• **Exercise**
Copy the data exactly. Images are the one exception.

• **Data supplied**
────────────────────

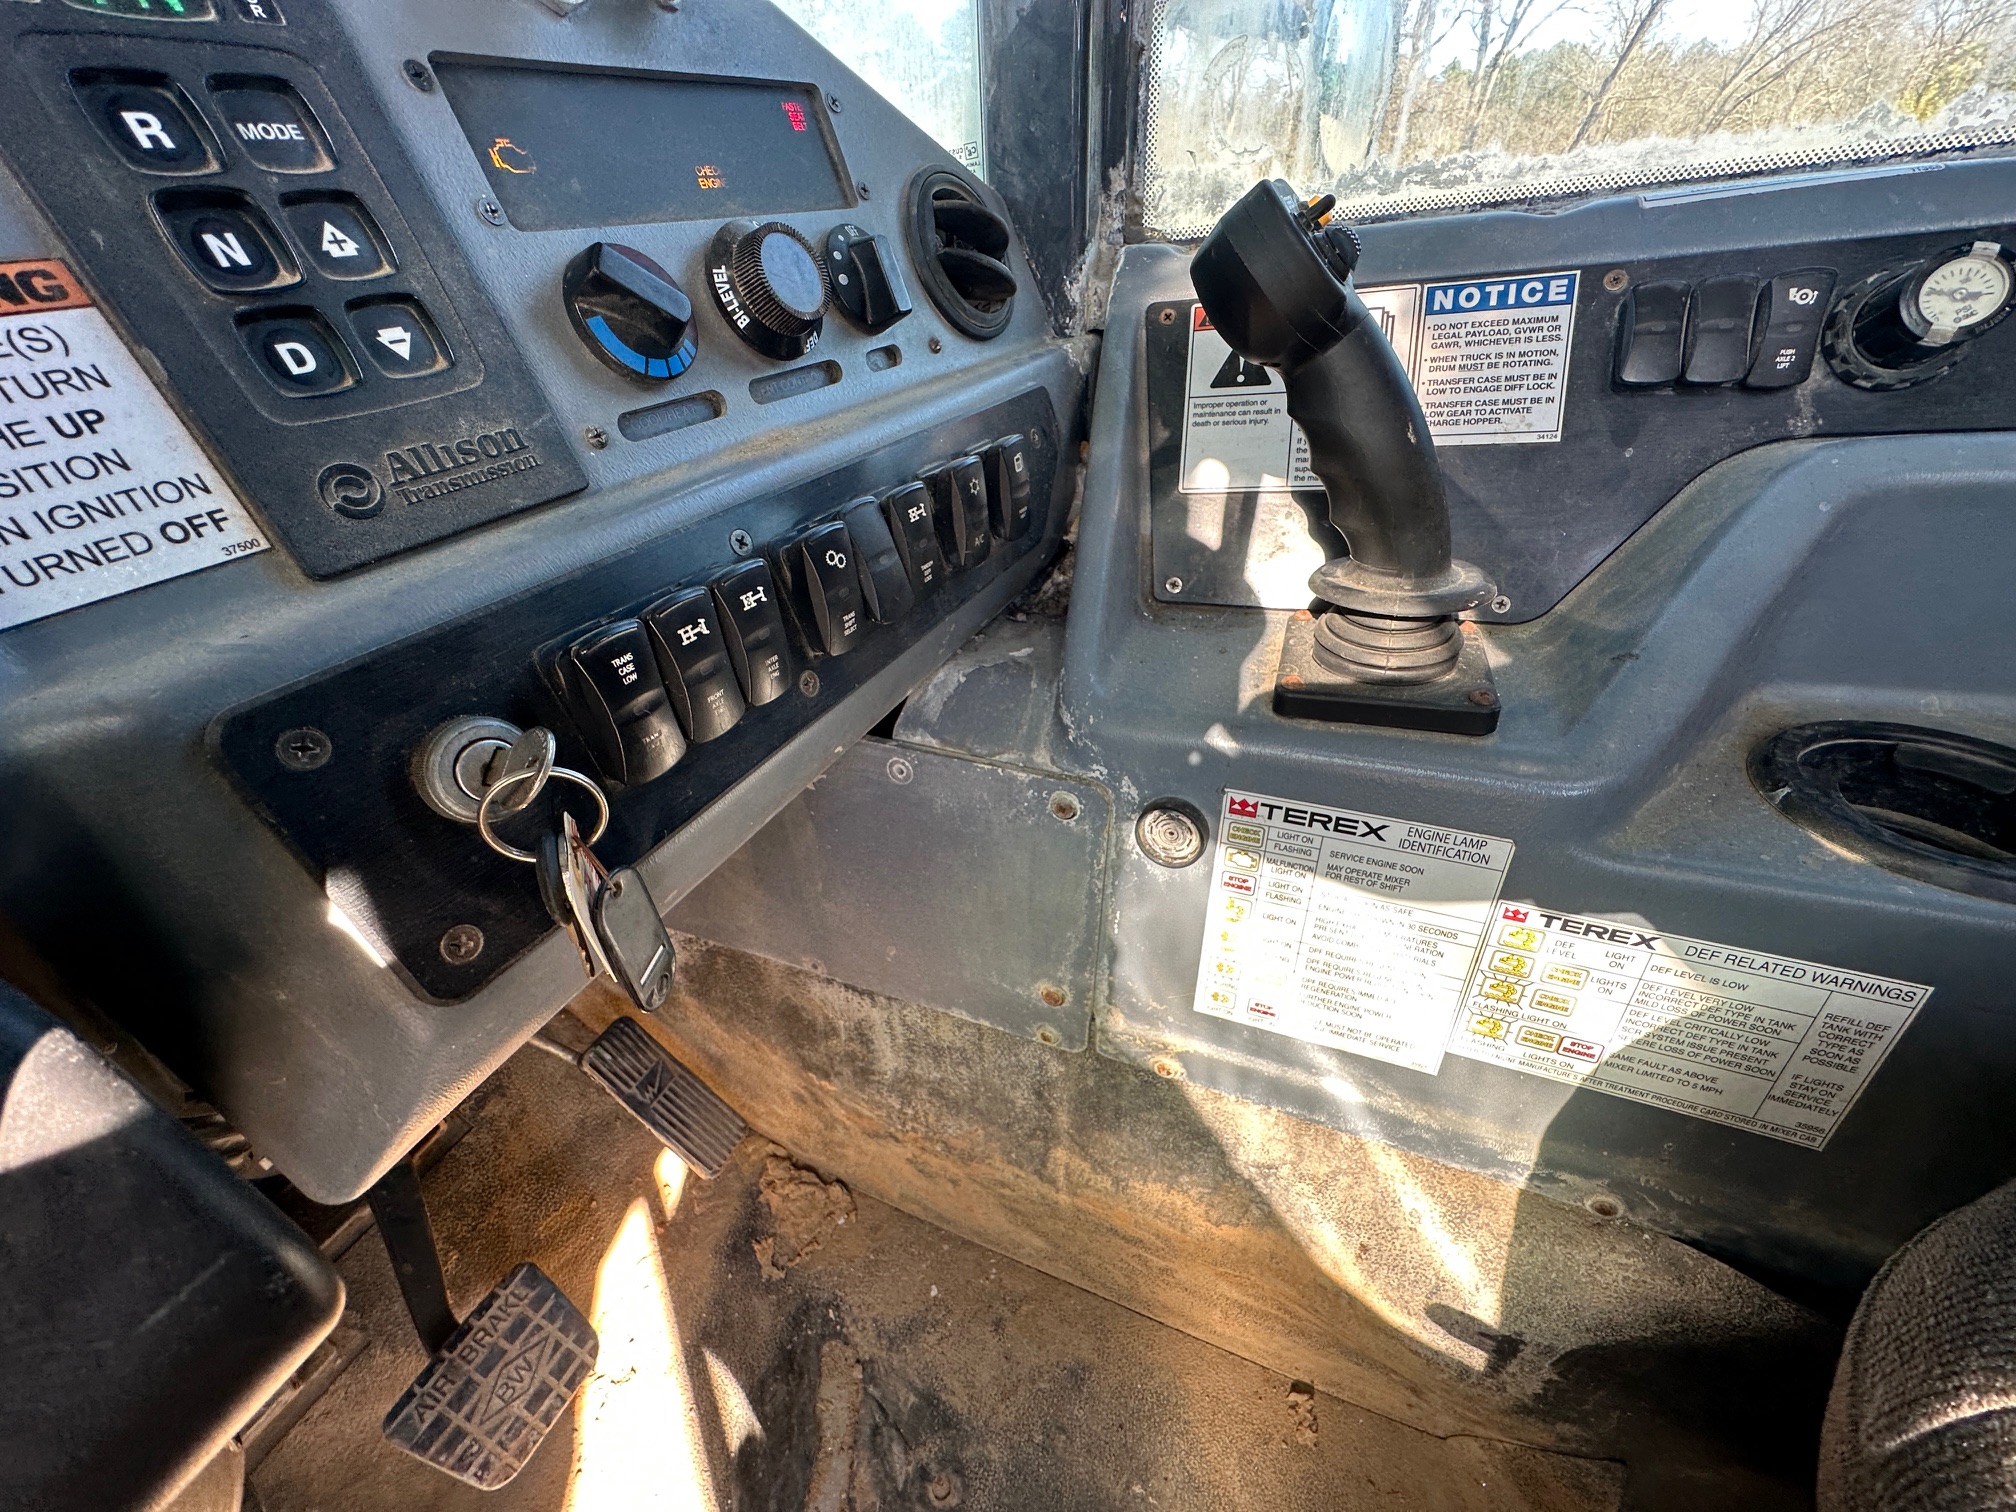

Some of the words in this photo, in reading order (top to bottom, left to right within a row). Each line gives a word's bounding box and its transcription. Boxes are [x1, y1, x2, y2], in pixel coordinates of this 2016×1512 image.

[120, 111, 176, 149] R
[236, 123, 305, 140] MODE
[201, 231, 254, 268] N
[712, 264, 751, 329] BI-LEVEL
[1433, 279, 1569, 311] NOTICE
[1433, 323, 1446, 331] DO
[1449, 322, 1469, 330] NOT
[1471, 319, 1509, 328] EXCEED
[1512, 315, 1559, 326] MAXIMUM
[1431, 341, 1462, 350] GAWR,
[1465, 337, 1521, 348] WHICHEVER
[1536, 334, 1564, 342] LESS.
[1432, 330, 1463, 340] LEGAL
[1465, 329, 1512, 338] PAYLOAD,
[1515, 326, 1544, 335] GVWR
[274, 341, 318, 376] D
[1428, 364, 1456, 372] DRUM
[1458, 362, 1485, 372] MUST
[1487, 361, 1500, 369] BE
[1502, 358, 1554, 368] ROTATING.
[1430, 355, 1457, 364] WHEN
[1460, 352, 1492, 362] TRUCK
[1506, 351, 1516, 359] IN
[1518, 349, 1559, 358] MOTION,
[1427, 376, 1475, 386] TRANSFER
[1477, 375, 1502, 384] CASE
[1504, 374, 1531, 382] MUST
[1463, 383, 1502, 393] ENGAGE
[1527, 382, 1555, 390] LOCK.
[1194, 402, 1224, 410] Improper
[1226, 400, 1258, 409] operation
[1425, 401, 1472, 409] TRANSFER
[1474, 399, 1499, 407] CASE
[1502, 398, 1528, 406] MUST
[1545, 396, 1555, 404] IN
[1446, 409, 1472, 417] GEAR
[1488, 406, 1532, 416] ACTIVATE
[1193, 409, 1236, 418] maintenance
[1222, 418, 1246, 426] serious
[1463, 417, 1503, 425] HOPPER.
[45, 408, 105, 439] UP
[385, 427, 530, 486] Allison
[32, 473, 213, 535] IGNITION
[0, 531, 154, 594] URNED
[159, 507, 231, 545] OFF
[221, 537, 261, 557] 37500
[611, 652, 634, 668] TRANS
[618, 662, 636, 677] CASE
[622, 672, 638, 686] LOW
[707, 688, 725, 704] FRONT
[1260, 802, 1391, 842] TEREX
[1277, 831, 1300, 842] LIGHT
[1407, 826, 1451, 845] ENGINE
[1453, 835, 1488, 851] LAMP
[1274, 842, 1312, 857] FLASHING
[1398, 838, 1491, 865] IDENTIFICATION
[1266, 857, 1314, 873] MALFUNCTION
[1329, 850, 1364, 864] SERVICE
[1366, 857, 1398, 870] ENGINE
[1400, 864, 1424, 876] SOON
[1325, 872, 1342, 881] FOR
[1343, 875, 1365, 885] REST
[1366, 879, 1378, 887] OF
[1380, 881, 1404, 894] SHIFT
[1327, 863, 1343, 873] MAY
[1345, 867, 1382, 880] OPERATE
[1384, 875, 1410, 886] MIXER
[1540, 913, 1661, 951] TEREX
[1650, 964, 1673, 974] DEF
[1674, 970, 1707, 983] LEVEL
[1709, 977, 1720, 985] IS
[1721, 980, 1750, 991] LOW
[1684, 946, 1722, 961] DEF
[1723, 953, 1806, 980] RELATED
[1812, 971, 1917, 1002] WARNINGS
[1821, 1022, 1853, 1034] TANK
[1853, 1029, 1884, 1041] WITH
[1824, 1013, 1862, 1028] REFILL
[1865, 1022, 1891, 1033] DEF
[1818, 1031, 1876, 1049] CORRECT
[1818, 1040, 1847, 1052] TYPE
[1848, 1047, 1865, 1056] AS
[1802, 1055, 1859, 1074] POSSIBLE
[1809, 1048, 1844, 1061] SOON
[1844, 1056, 1862, 1065] AS
[1609, 1052, 1635, 1064] SAME
[1636, 1058, 1667, 1071] FAULT
[1669, 1066, 1682, 1075] AS
[1683, 1069, 1719, 1084] ABOVE
[1603, 1060, 1635, 1074] MIXER
[1635, 1067, 1675, 1083] LIMITED
[1676, 1078, 1690, 1087] TO
[1699, 1084, 1724, 1096] MPH
[1804, 1076, 1845, 1091] LIGHTS
[1784, 1090, 1833, 1107] SERVICE
[1790, 1082, 1817, 1093] STAY
[1819, 1090, 1837, 1098] ON
[1767, 1094, 1839, 1117] IMMEDIATELY
[1795, 1121, 1826, 1134] 35956
[412, 1373, 457, 1424] AIR
[458, 1288, 530, 1366] BRAKE
[495, 1354, 536, 1405] BW

────────────────────

• **Your response**
Some of the words in this photo, in reading order (top to bottom, left to right within a row). Each line gives a word's bounding box and its transcription. Boxes are [x1, y1, x2, y2], in pixel coordinates of this 2016×1512 image.

[120, 111, 176, 149] R
[236, 123, 305, 140] MODE
[201, 231, 254, 268] N
[712, 264, 751, 329] BI-LEVEL
[1433, 279, 1569, 311] NOTICE
[1433, 323, 1446, 331] DO
[1449, 322, 1469, 330] NOT
[1471, 319, 1509, 328] EXCEED
[1512, 315, 1559, 326] MAXIMUM
[1431, 341, 1462, 350] GAWR,
[1465, 337, 1521, 348] WHICHEVER
[1536, 334, 1564, 342] LESS.
[1432, 330, 1463, 340] LEGAL
[1465, 329, 1512, 338] PAYLOAD,
[1515, 326, 1544, 335] GVWR
[274, 341, 318, 376] D
[1428, 364, 1456, 372] DRUM
[1458, 362, 1485, 372] MUST
[1487, 361, 1500, 369] BE
[1502, 358, 1554, 368] ROTATING.
[1430, 355, 1457, 364] WHEN
[1460, 352, 1492, 362] TRUCK
[1506, 351, 1516, 359] IN
[1518, 349, 1559, 358] MOTION,
[1427, 376, 1475, 386] TRANSFER
[1477, 375, 1502, 384] CASE
[1504, 374, 1531, 382] MUST
[1463, 383, 1502, 393] ENGAGE
[1527, 382, 1555, 390] LOCK.
[1194, 402, 1224, 410] Improper
[1226, 400, 1258, 409] operation
[1425, 401, 1472, 409] TRANSFER
[1474, 399, 1499, 407] CASE
[1502, 398, 1528, 406] MUST
[1545, 396, 1555, 404] IN
[1446, 409, 1472, 417] GEAR
[1488, 406, 1532, 416] ACTIVATE
[1193, 409, 1236, 418] maintenance
[1222, 418, 1246, 426] serious
[1463, 417, 1503, 425] HOPPER.
[45, 408, 105, 439] UP
[385, 427, 530, 486] Allison
[32, 473, 213, 535] IGNITION
[0, 531, 154, 594] URNED
[159, 507, 231, 545] OFF
[221, 537, 261, 557] 37500
[611, 652, 634, 668] TRANS
[618, 662, 636, 677] CASE
[622, 672, 638, 686] LOW
[707, 688, 725, 704] FRONT
[1260, 802, 1391, 842] TEREX
[1277, 831, 1300, 842] LIGHT
[1407, 826, 1451, 845] ENGINE
[1453, 835, 1488, 851] LAMP
[1274, 842, 1312, 857] FLASHING
[1398, 838, 1491, 865] IDENTIFICATION
[1266, 857, 1314, 873] MALFUNCTION
[1329, 850, 1364, 864] SERVICE
[1366, 857, 1398, 870] ENGINE
[1400, 864, 1424, 876] SOON
[1325, 872, 1342, 881] FOR
[1343, 875, 1365, 885] REST
[1366, 879, 1378, 887] OF
[1380, 881, 1404, 894] SHIFT
[1327, 863, 1343, 873] MAY
[1345, 867, 1382, 880] OPERATE
[1384, 875, 1410, 886] MIXER
[1540, 913, 1661, 951] TEREX
[1650, 964, 1673, 974] DEF
[1674, 970, 1707, 983] LEVEL
[1709, 977, 1720, 985] IS
[1721, 980, 1750, 991] LOW
[1684, 946, 1722, 961] DEF
[1723, 953, 1806, 980] RELATED
[1812, 971, 1917, 1002] WARNINGS
[1821, 1022, 1853, 1034] TANK
[1853, 1029, 1884, 1041] WITH
[1824, 1013, 1862, 1028] REFILL
[1865, 1022, 1891, 1033] DEF
[1818, 1031, 1876, 1049] CORRECT
[1818, 1040, 1847, 1052] TYPE
[1848, 1047, 1865, 1056] AS
[1802, 1055, 1859, 1074] POSSIBLE
[1809, 1048, 1844, 1061] SOON
[1844, 1056, 1862, 1065] AS
[1609, 1052, 1635, 1064] SAME
[1636, 1058, 1667, 1071] FAULT
[1669, 1066, 1682, 1075] AS
[1683, 1069, 1719, 1084] ABOVE
[1603, 1060, 1635, 1074] MIXER
[1635, 1067, 1675, 1083] LIMITED
[1676, 1078, 1690, 1087] TO
[1699, 1084, 1724, 1096] MPH
[1804, 1076, 1845, 1091] LIGHTS
[1784, 1090, 1833, 1107] SERVICE
[1790, 1082, 1817, 1093] STAY
[1819, 1090, 1837, 1098] ON
[1767, 1094, 1839, 1117] IMMEDIATELY
[1795, 1121, 1826, 1134] 35956
[412, 1373, 457, 1424] AIR
[458, 1288, 530, 1366] BRAKE
[495, 1354, 536, 1405] BW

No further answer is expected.